● INFORMATION GIVEN
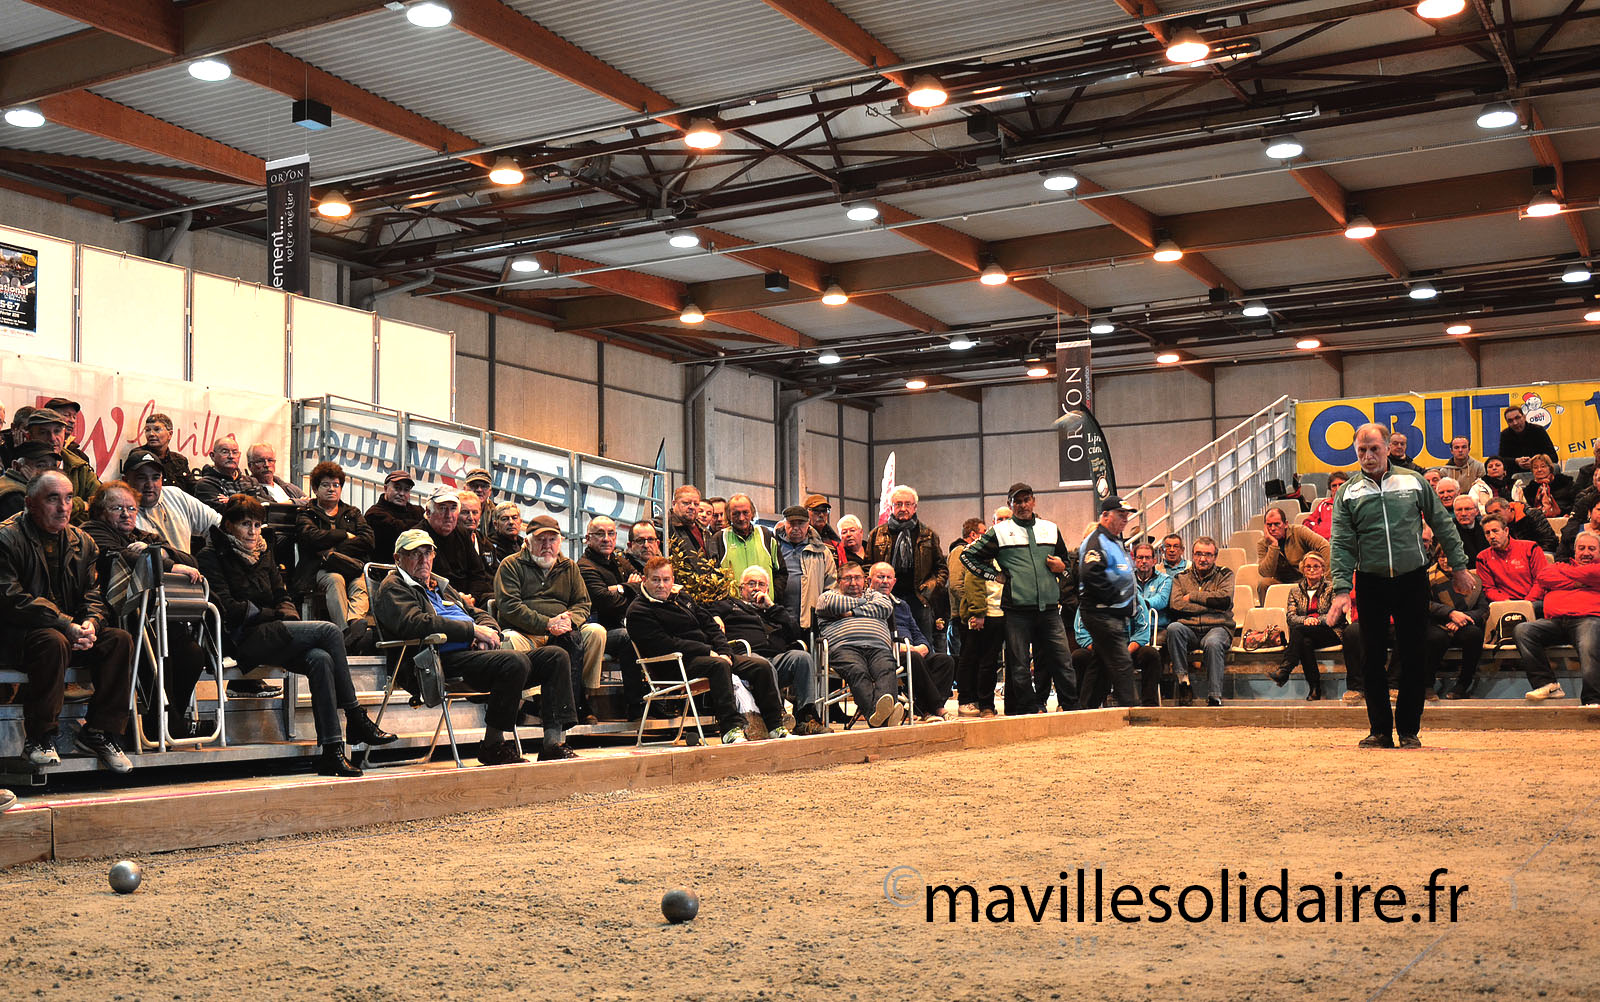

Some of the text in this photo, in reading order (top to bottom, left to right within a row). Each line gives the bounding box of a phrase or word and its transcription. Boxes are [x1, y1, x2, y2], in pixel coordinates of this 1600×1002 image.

[270, 169, 304, 184] ORYON
[271, 216, 284, 290] ement...
[284, 190, 296, 262] notre métier
[1308, 393, 1510, 467] OBUT
[1568, 440, 1587, 453] EN
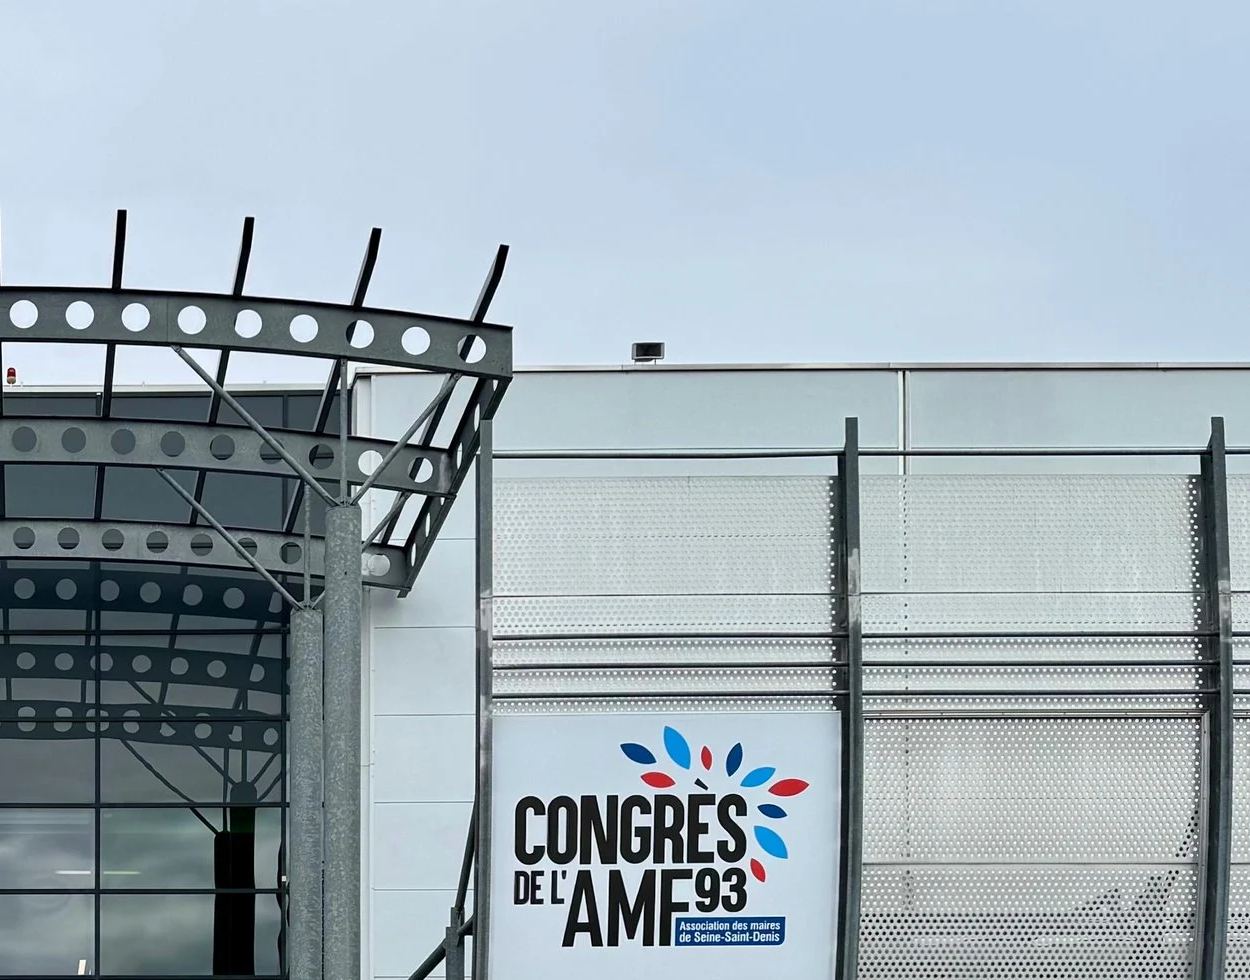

● WHAT THE EXERCISE ASKS
Every record above needs to be repeated exactly; pictures are to be left out.

● SOLVED PROBLEM
Some of the text in this photo, in reading order (top to bottom, left to right within a row). Each line gives the bounding box of a phrase or word and its transcription. Boxes are [x1, y1, x2, y2], in pixel coordinates of this 1600×1002 image.

[270, 169, 304, 184] ORYON
[271, 216, 284, 290] ement...
[284, 190, 296, 262] notre métier
[1308, 393, 1510, 467] OBUT
[1568, 440, 1587, 453] EN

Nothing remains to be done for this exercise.